13 The appellant submitted that three significant matters emerge from the factual context:
(1) First, the issue of the PERLS V securities was a decision taken in the ordinary course of prudent capital management, and not as part of any scheme of tax avoidance.
The Commissioner’s response was that this assertion tends to distract attention from the statutory question namely, having regard to the relevant circumstances of the scheme, it would be concluded that a purpose of the Bank (not being an incidental purpose) (‘relevant purpose’) was to enable the appellant to obtain an imputation benefit: s 177EA(3)(e) of the 1936 Act. So much must be conceded, but the appellant’s contention nevertheless remains valid: the issue of the PERLS V securities was not part of any scheme of tax avoidance.
(2) Second, the deduction allowed for the distributions on the Notes for New Zealand tax purposes was an inevitable consequence of (i) the requirement that any stapled notes be issued through an overseas branch, and (ii) the deductibility under New Zealand law of the interest on the Notes. The difference between the tax treatment in New Zealand and Australia is a consequence of peculiarities of Australian tax legislation. It is not a matter relevant to the conclusion required by s 177EA(3)(e).

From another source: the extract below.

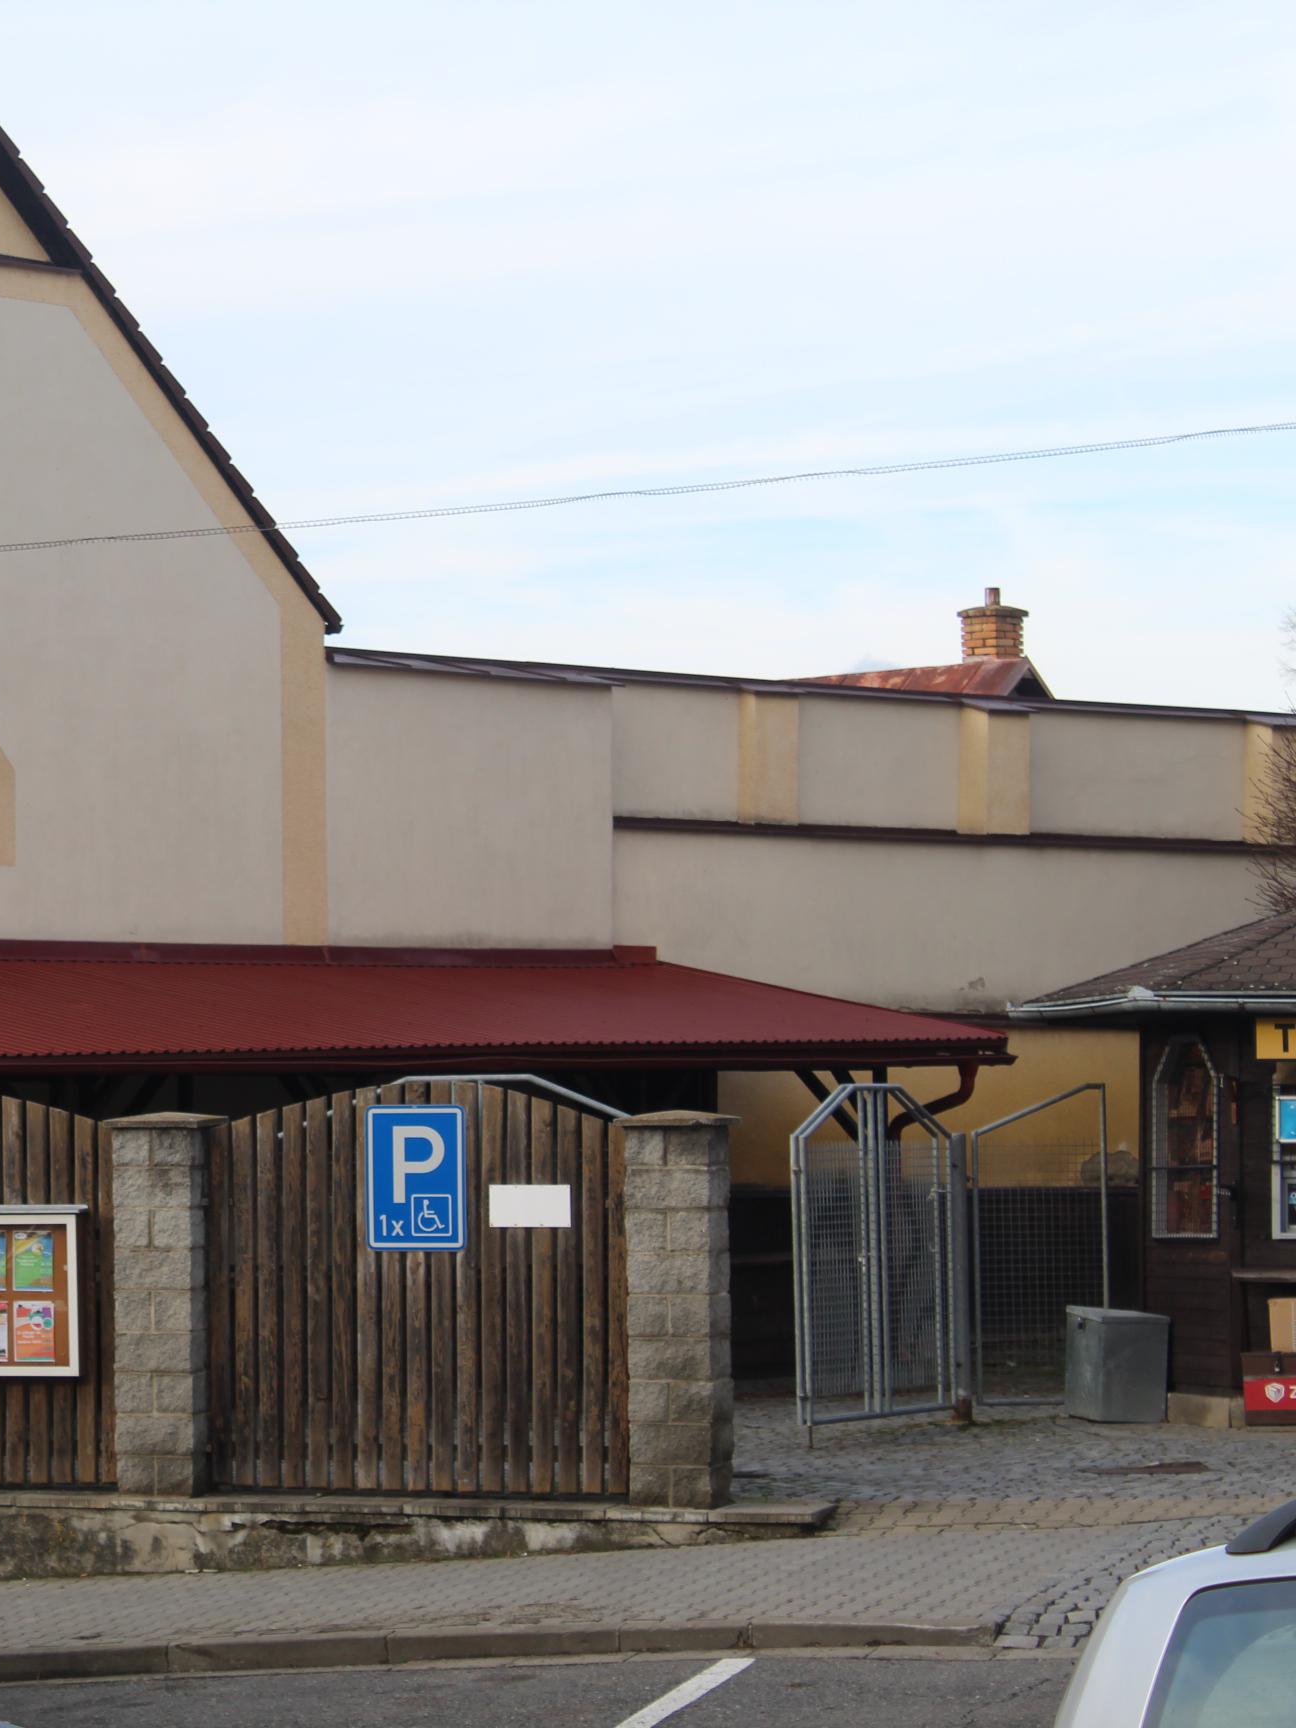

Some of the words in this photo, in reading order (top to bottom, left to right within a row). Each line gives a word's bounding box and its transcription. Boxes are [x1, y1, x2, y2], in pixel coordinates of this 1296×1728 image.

[1274, 1023, 1296, 1053] T
[391, 1125, 446, 1204] P
[379, 1214, 405, 1237] 1x

The Commissioner’s response was that the Bank was not in any sense required to issue the PERLS V securities in the form it did, nor did the primary judge so find. The requirement to issue a Note from a foreign branch was a consequence of the Bank’s considered decision to issue non-innovative Tier 1 capital in the form of a stapled security. So much may be accepted, but the appellant’s contention that the deduction allowed for the distribution on the Notes for New Zealand tax purposes was an inevitable consequence of the two matters referred to is self-evident; and, speaking for myself, I am unable to identify the relevance of the New Zealand deduction to the conclusion required to be drawn by s 177EA(3)(e) if s 177EA is to apply.
(3) Third, any Tier 1 issue which met the Bank’s prudential and capital management criteria would necessarily be one the distributions on which would be both frankable, and required to be franked. The Bank was obliged to frank the PERLS V distributions whether or not the holders were entitled to franking credits.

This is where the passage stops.